Action item:
What is needed is an exact copy of every entry below.

::: Entries shown

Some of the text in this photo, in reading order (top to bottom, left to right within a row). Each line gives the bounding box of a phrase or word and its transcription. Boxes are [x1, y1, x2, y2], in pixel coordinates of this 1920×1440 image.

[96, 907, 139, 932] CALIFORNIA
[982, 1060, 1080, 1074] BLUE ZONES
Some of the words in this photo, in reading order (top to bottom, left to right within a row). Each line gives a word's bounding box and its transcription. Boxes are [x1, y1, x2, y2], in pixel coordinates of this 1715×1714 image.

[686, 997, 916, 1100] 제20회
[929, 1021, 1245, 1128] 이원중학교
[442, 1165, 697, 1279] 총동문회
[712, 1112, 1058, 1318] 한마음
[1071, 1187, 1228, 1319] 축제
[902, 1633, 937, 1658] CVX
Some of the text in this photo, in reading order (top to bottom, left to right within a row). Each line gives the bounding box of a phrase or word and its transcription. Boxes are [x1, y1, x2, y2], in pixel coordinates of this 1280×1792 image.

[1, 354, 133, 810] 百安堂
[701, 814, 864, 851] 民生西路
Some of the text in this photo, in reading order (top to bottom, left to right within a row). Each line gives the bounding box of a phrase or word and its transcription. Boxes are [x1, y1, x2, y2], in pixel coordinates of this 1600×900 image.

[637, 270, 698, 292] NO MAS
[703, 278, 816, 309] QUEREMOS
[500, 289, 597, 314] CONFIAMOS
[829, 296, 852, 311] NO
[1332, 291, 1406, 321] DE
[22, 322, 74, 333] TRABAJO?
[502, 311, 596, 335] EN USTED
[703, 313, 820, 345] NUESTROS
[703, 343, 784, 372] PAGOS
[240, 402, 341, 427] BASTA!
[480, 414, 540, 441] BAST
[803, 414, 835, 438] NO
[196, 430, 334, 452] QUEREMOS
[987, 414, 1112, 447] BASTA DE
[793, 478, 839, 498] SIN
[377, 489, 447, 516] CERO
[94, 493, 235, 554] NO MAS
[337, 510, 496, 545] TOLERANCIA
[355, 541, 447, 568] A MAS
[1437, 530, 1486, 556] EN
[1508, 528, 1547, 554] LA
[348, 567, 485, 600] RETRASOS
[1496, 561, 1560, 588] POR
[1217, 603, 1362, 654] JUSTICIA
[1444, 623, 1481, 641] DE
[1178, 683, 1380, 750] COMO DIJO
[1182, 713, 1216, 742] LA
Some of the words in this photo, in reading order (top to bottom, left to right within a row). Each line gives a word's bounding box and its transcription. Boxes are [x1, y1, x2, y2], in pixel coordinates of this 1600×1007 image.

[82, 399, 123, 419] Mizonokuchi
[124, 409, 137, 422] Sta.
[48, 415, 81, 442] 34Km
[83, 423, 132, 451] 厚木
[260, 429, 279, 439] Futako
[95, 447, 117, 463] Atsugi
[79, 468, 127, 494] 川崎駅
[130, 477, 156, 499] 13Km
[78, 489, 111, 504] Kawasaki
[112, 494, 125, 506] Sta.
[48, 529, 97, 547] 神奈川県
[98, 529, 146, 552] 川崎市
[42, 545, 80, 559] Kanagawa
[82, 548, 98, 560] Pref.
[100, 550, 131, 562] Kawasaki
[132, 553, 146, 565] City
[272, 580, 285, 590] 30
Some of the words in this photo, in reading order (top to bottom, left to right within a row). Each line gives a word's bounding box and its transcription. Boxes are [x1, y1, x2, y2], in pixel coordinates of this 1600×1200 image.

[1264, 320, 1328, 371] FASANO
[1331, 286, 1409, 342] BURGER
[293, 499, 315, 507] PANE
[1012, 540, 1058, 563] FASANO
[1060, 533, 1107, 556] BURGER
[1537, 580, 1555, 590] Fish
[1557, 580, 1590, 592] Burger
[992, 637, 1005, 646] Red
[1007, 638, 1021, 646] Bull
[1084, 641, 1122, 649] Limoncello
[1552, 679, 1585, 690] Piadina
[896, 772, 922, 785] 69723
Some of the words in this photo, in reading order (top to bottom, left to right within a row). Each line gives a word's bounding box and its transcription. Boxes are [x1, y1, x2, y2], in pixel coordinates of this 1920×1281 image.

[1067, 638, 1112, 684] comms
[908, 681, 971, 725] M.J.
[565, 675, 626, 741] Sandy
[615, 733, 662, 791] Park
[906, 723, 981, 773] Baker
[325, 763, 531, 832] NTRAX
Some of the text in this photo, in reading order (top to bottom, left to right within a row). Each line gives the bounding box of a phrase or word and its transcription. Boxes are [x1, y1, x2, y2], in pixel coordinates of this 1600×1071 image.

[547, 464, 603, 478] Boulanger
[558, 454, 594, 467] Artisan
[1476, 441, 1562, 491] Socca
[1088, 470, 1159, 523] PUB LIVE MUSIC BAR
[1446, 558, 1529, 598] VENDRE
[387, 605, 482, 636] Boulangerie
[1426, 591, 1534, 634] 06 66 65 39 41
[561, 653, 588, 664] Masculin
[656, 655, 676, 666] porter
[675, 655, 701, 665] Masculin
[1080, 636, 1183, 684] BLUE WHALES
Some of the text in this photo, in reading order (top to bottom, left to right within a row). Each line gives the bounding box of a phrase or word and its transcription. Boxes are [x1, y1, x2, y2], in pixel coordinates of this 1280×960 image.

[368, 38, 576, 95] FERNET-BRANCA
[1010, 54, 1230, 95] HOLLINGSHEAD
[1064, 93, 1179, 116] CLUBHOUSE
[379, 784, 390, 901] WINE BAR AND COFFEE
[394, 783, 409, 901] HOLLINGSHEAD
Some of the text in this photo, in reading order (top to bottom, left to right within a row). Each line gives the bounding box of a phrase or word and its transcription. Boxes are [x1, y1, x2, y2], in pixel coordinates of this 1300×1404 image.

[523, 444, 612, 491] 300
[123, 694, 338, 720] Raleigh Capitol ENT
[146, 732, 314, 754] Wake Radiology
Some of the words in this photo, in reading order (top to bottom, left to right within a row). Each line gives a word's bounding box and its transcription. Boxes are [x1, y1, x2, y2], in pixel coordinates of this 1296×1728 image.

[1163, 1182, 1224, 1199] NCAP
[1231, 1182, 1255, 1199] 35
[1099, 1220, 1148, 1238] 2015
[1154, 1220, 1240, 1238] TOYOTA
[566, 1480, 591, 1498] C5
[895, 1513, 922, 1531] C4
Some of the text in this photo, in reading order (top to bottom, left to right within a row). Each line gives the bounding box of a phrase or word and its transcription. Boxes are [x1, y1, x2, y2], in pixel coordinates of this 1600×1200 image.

::::::

Result:
Some of the text in this photo, in reading order (top to bottom, left to right within a row). Each line gives the bounding box of a phrase or word and its transcription. Boxes are [x1, y1, x2, y2], in pixel coordinates of this 1920×1440 image.

[96, 907, 139, 932] CALIFORNIA
[982, 1060, 1080, 1074] BLUE ZONES
Some of the words in this photo, in reading order (top to bottom, left to right within a row). Each line gives a word's bounding box and its transcription. Boxes are [x1, y1, x2, y2], in pixel coordinates of this 1715×1714 image.

[686, 997, 916, 1100] 제20회
[929, 1021, 1245, 1128] 이원중학교
[442, 1165, 697, 1279] 총동문회
[712, 1112, 1058, 1318] 한마음
[1071, 1187, 1228, 1319] 축제
[902, 1633, 937, 1658] CVX
Some of the text in this photo, in reading order (top to bottom, left to right within a row). Each line gives the bounding box of a phrase or word and its transcription. Boxes are [x1, y1, x2, y2], in pixel coordinates of this 1280×1792 image.

[1, 354, 133, 810] 百安堂
[701, 814, 864, 851] 民生西路
Some of the text in this photo, in reading order (top to bottom, left to right within a row). Each line gives the bounding box of a phrase or word and its transcription. Boxes are [x1, y1, x2, y2], in pixel coordinates of this 1600×900 image.

[637, 270, 698, 292] NO MAS
[703, 278, 816, 309] QUEREMOS
[500, 289, 597, 314] CONFIAMOS
[829, 296, 852, 311] NO
[1332, 291, 1406, 321] DE
[22, 322, 74, 333] TRABAJO?
[502, 311, 596, 335] EN USTED
[703, 313, 820, 345] NUESTROS
[703, 343, 784, 372] PAGOS
[240, 402, 341, 427] BASTA!
[480, 414, 540, 441] BAST
[803, 414, 835, 438] NO
[196, 430, 334, 452] QUEREMOS
[987, 414, 1112, 447] BASTA DE
[793, 478, 839, 498] SIN
[377, 489, 447, 516] CERO
[94, 493, 235, 554] NO MAS
[337, 510, 496, 545] TOLERANCIA
[355, 541, 447, 568] A MAS
[1437, 530, 1486, 556] EN
[1508, 528, 1547, 554] LA
[348, 567, 485, 600] RETRASOS
[1496, 561, 1560, 588] POR
[1217, 603, 1362, 654] JUSTICIA
[1444, 623, 1481, 641] DE
[1178, 683, 1380, 750] COMO DIJO
[1182, 713, 1216, 742] LA
Some of the words in this photo, in reading order (top to bottom, left to right within a row). Each line gives a word's bounding box and its transcription. Boxes are [x1, y1, x2, y2], in pixel coordinates of this 1600×1007 image.

[82, 399, 123, 419] Mizonokuchi
[124, 409, 137, 422] Sta.
[48, 415, 81, 442] 34Km
[83, 423, 132, 451] 厚木
[260, 429, 279, 439] Futako
[95, 447, 117, 463] Atsugi
[79, 468, 127, 494] 川崎駅
[130, 477, 156, 499] 13Km
[78, 489, 111, 504] Kawasaki
[112, 494, 125, 506] Sta.
[48, 529, 97, 547] 神奈川県
[98, 529, 146, 552] 川崎市
[42, 545, 80, 559] Kanagawa
[82, 548, 98, 560] Pref.
[100, 550, 131, 562] Kawasaki
[132, 553, 146, 565] City
[272, 580, 285, 590] 30
Some of the words in this photo, in reading order (top to bottom, left to right within a row). Each line gives a word's bounding box and its transcription. Boxes are [x1, y1, x2, y2], in pixel coordinates of this 1600×1200 image.

[1264, 320, 1328, 371] FASANO
[1331, 286, 1409, 342] BURGER
[293, 499, 315, 507] PANE
[1012, 540, 1058, 563] FASANO
[1060, 533, 1107, 556] BURGER
[1537, 580, 1555, 590] Fish
[1557, 580, 1590, 592] Burger
[992, 637, 1005, 646] Red
[1007, 638, 1021, 646] Bull
[1084, 641, 1122, 649] Limoncello
[1552, 679, 1585, 690] Piadina
[896, 772, 922, 785] 69723
Some of the words in this photo, in reading order (top to bottom, left to right within a row). Each line gives a word's bounding box and its transcription. Boxes are [x1, y1, x2, y2], in pixel coordinates of this 1920×1281 image.

[1067, 638, 1112, 684] comms
[908, 681, 971, 725] M.J.
[565, 675, 626, 741] Sandy
[615, 733, 662, 791] Park
[906, 723, 981, 773] Baker
[325, 763, 531, 832] NTRAX
Some of the text in this photo, in reading order (top to bottom, left to right within a row). Each line gives the bounding box of a phrase or word and its transcription. Boxes are [x1, y1, x2, y2], in pixel coordinates of this 1600×1071 image.

[547, 464, 603, 478] Boulanger
[558, 454, 594, 467] Artisan
[1476, 441, 1562, 491] Socca
[1088, 470, 1159, 523] PUB LIVE MUSIC BAR
[1446, 558, 1529, 598] VENDRE
[387, 605, 482, 636] Boulangerie
[1426, 591, 1534, 634] 06 66 65 39 41
[561, 653, 588, 664] Masculin
[656, 655, 676, 666] porter
[675, 655, 701, 665] Masculin
[1080, 636, 1183, 684] BLUE WHALES
Some of the text in this photo, in reading order (top to bottom, left to right within a row). Each line gives the bounding box of a phrase or word and its transcription. Boxes are [x1, y1, x2, y2], in pixel coordinates of this 1280×960 image.

[368, 38, 576, 95] FERNET-BRANCA
[1010, 54, 1230, 95] HOLLINGSHEAD
[1064, 93, 1179, 116] CLUBHOUSE
[379, 784, 390, 901] WINE BAR AND COFFEE
[394, 783, 409, 901] HOLLINGSHEAD
Some of the text in this photo, in reading order (top to bottom, left to right within a row). Each line gives the bounding box of a phrase or word and its transcription. Boxes are [x1, y1, x2, y2], in pixel coordinates of this 1300×1404 image.

[523, 444, 612, 491] 300
[123, 694, 338, 720] Raleigh Capitol ENT
[146, 732, 314, 754] Wake Radiology
Some of the words in this photo, in reading order (top to bottom, left to right within a row). Each line gives a word's bounding box and its transcription. Boxes are [x1, y1, x2, y2], in pixel coordinates of this 1296×1728 image.

[1163, 1182, 1224, 1199] NCAP
[1231, 1182, 1255, 1199] 35
[1099, 1220, 1148, 1238] 2015
[1154, 1220, 1240, 1238] TOYOTA
[566, 1480, 591, 1498] C5
[895, 1513, 922, 1531] C4
Some of the text in this photo, in reading order (top to bottom, left to right within a row). Each line gives the bounding box of a phrase or word and its transcription. Boxes are [x1, y1, x2, y2], in pixel coordinates of this 1600×1200 image.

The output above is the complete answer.